- [Task brief] This exercise asks for the entries to be repeated exactly, without their images.

(Phrase grounding data)
----
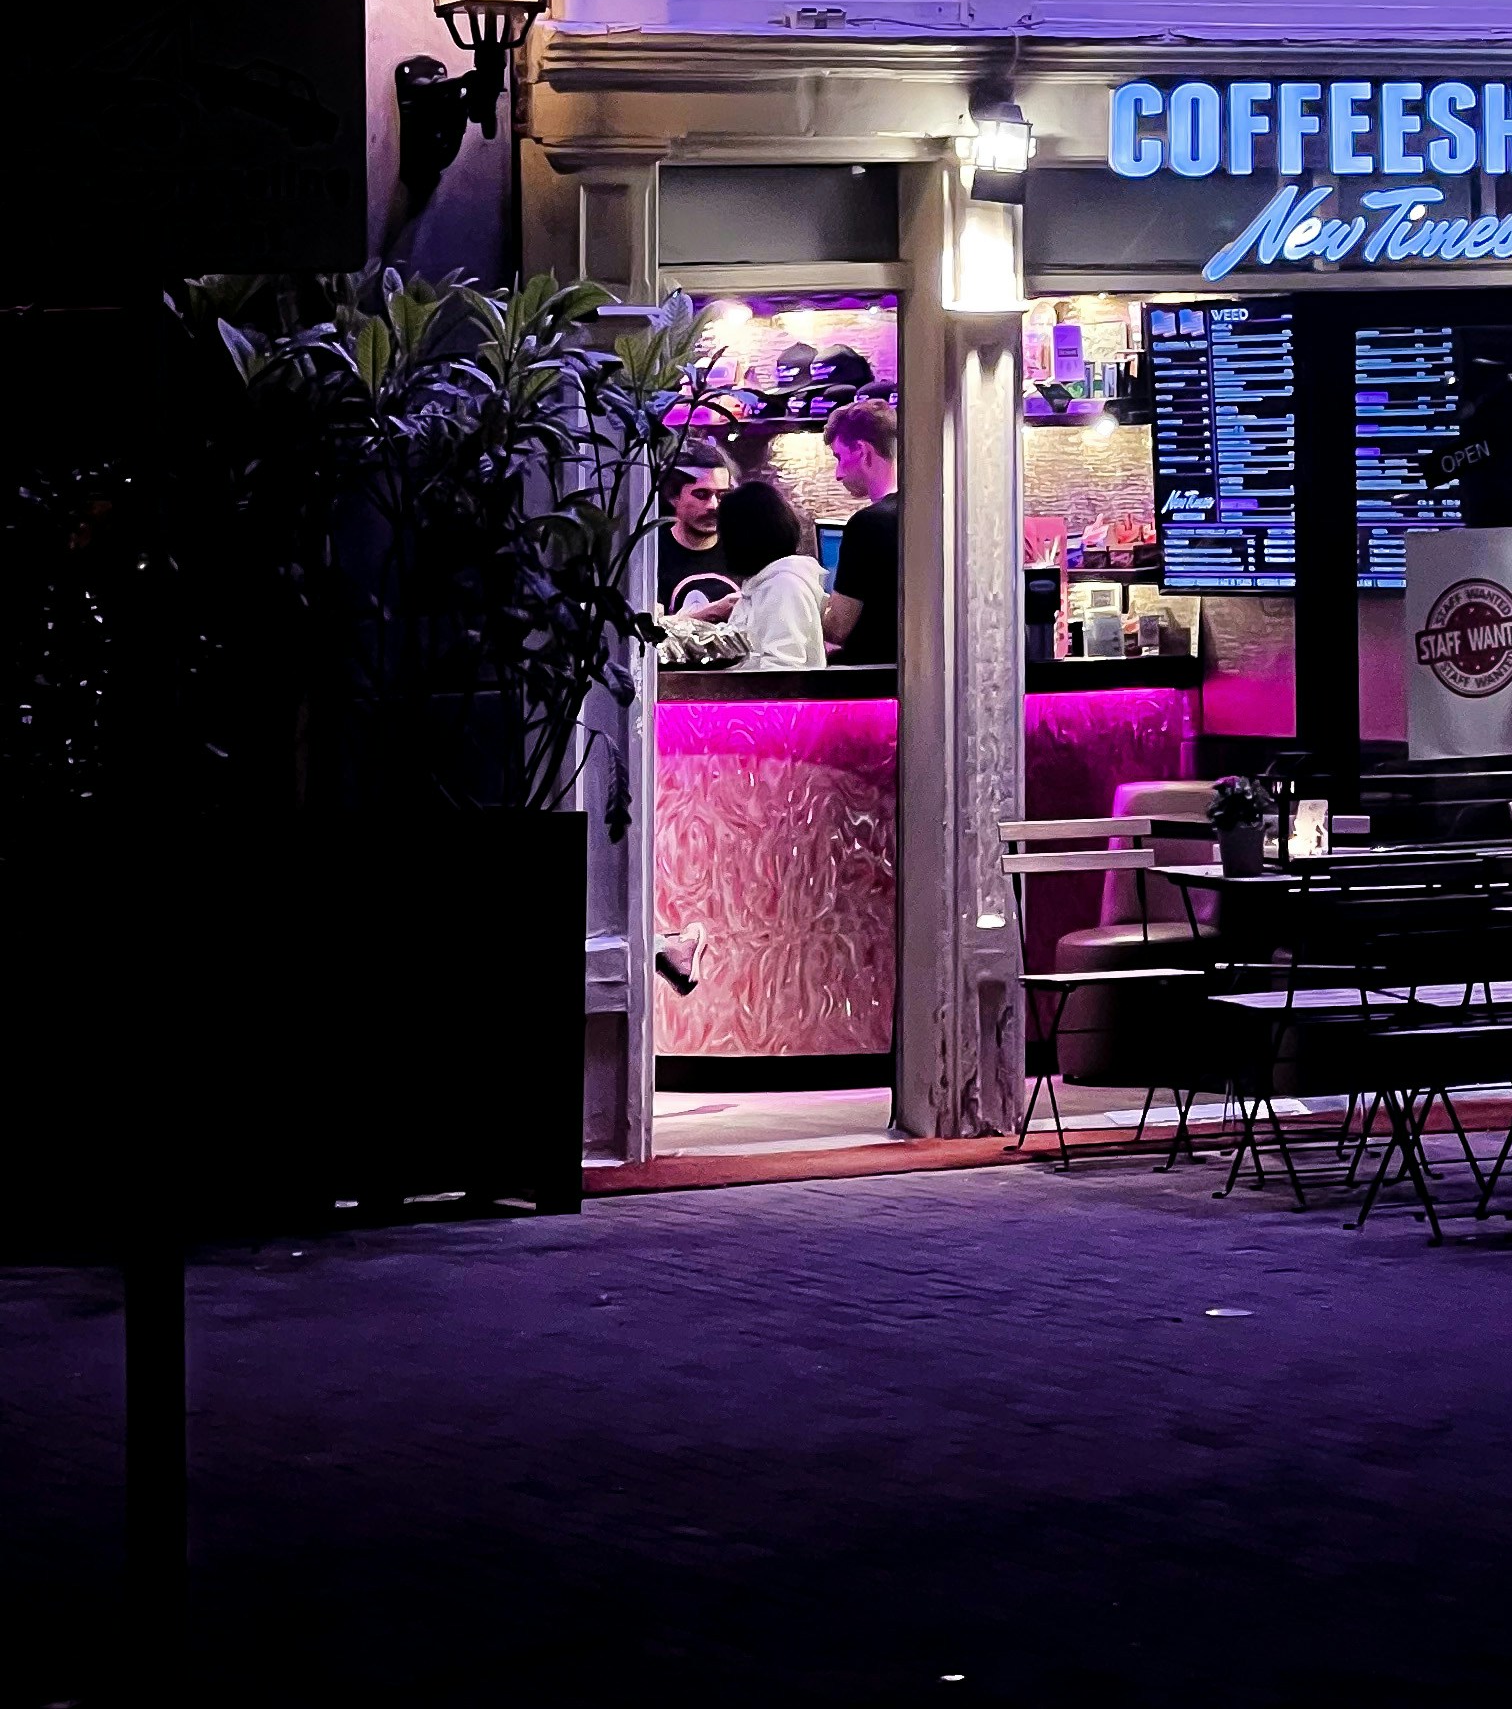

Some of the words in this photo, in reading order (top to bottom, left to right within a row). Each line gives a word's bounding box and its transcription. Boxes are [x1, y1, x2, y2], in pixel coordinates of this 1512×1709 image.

[1202, 185, 1366, 282] New
[1211, 308, 1249, 321] WEED
[1441, 439, 1490, 472] OPEN
[1420, 631, 1461, 661] STAFF
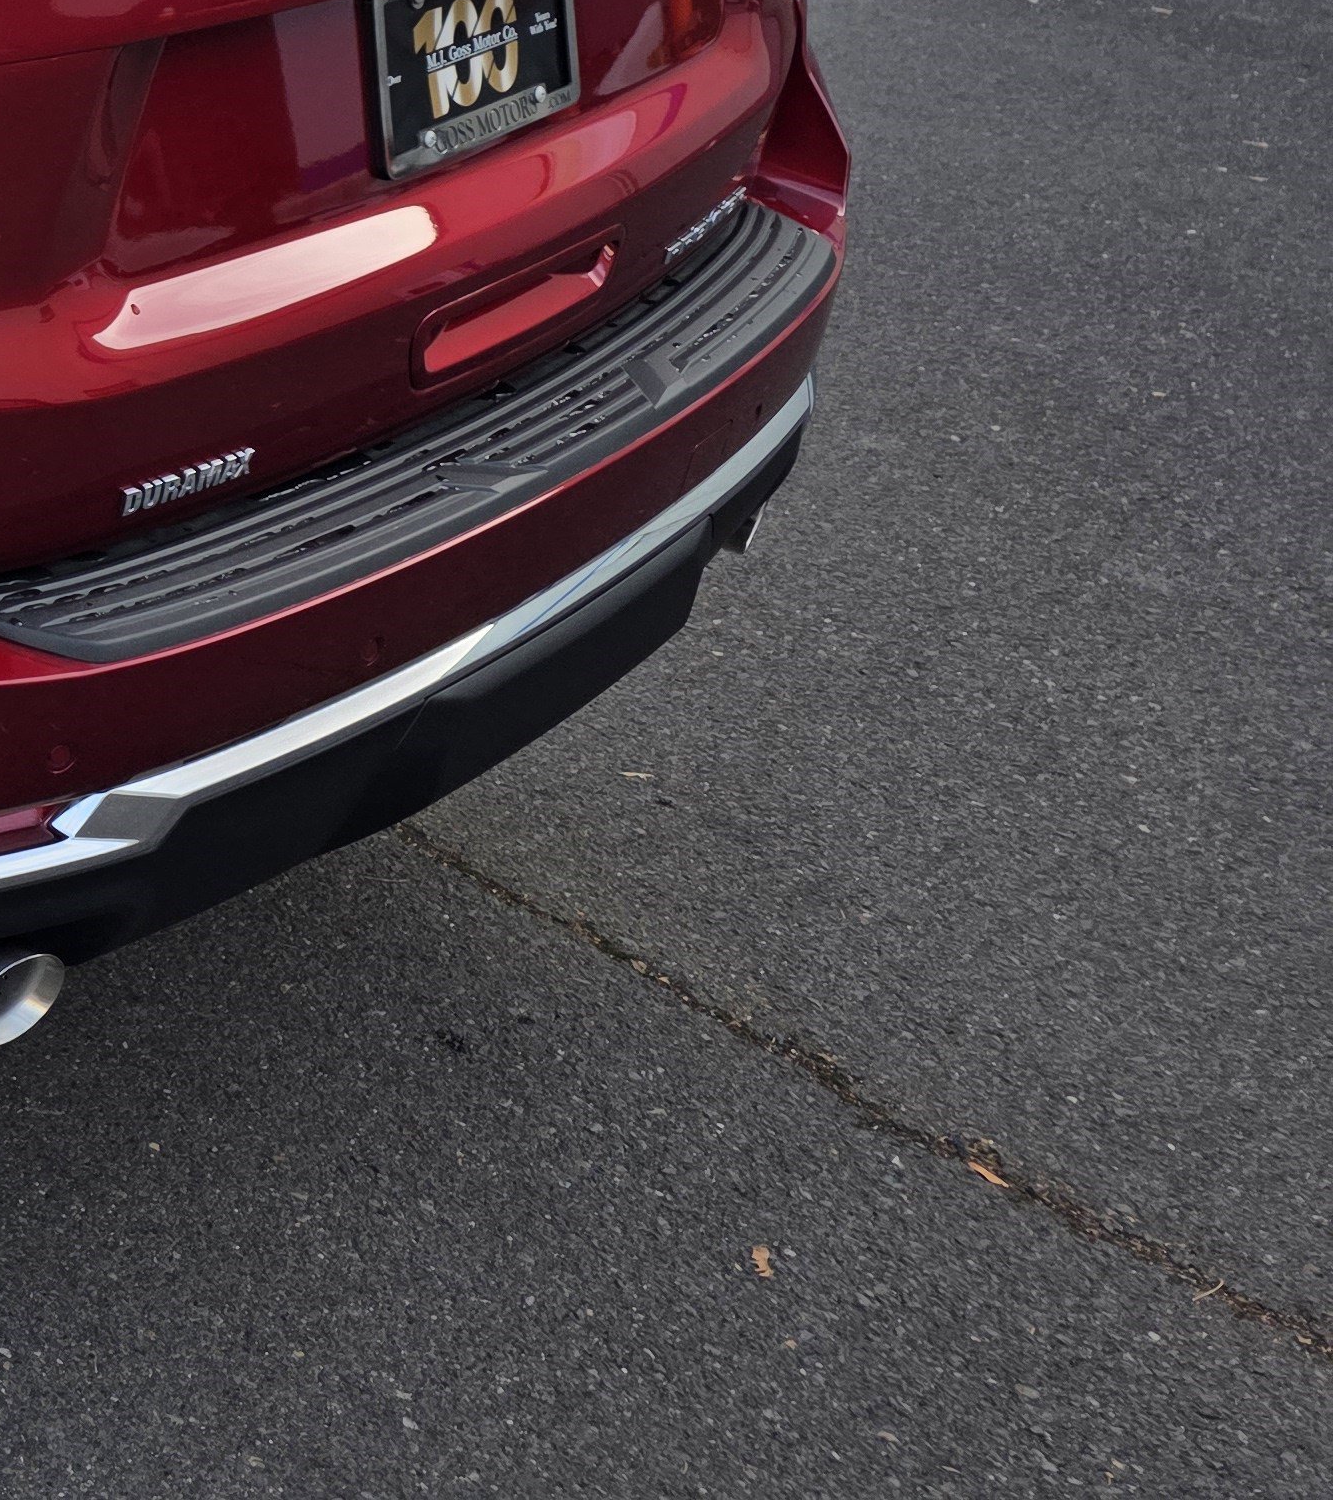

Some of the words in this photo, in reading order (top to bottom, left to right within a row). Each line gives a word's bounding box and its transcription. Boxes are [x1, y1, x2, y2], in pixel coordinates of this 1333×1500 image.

[448, 42, 472, 61] Goss
[472, 30, 502, 55] Motor
[119, 446, 256, 517] DURAMAX
----
- [Solution]
Some of the words in this photo, in reading order (top to bottom, left to right within a row). Each line gives a word's bounding box and its transcription. Boxes are [x1, y1, x2, y2], in pixel coordinates of this 1512×1709 image.

[1202, 185, 1366, 282] New
[1211, 308, 1249, 321] WEED
[1441, 439, 1490, 472] OPEN
[1420, 631, 1461, 661] STAFF

Some of the words in this photo, in reading order (top to bottom, left to right within a row). Each line gives a word's bounding box and its transcription. Boxes are [x1, y1, x2, y2], in pixel coordinates of this 1333×1500 image.

[448, 42, 472, 61] Goss
[472, 30, 502, 55] Motor
[119, 446, 256, 517] DURAMAX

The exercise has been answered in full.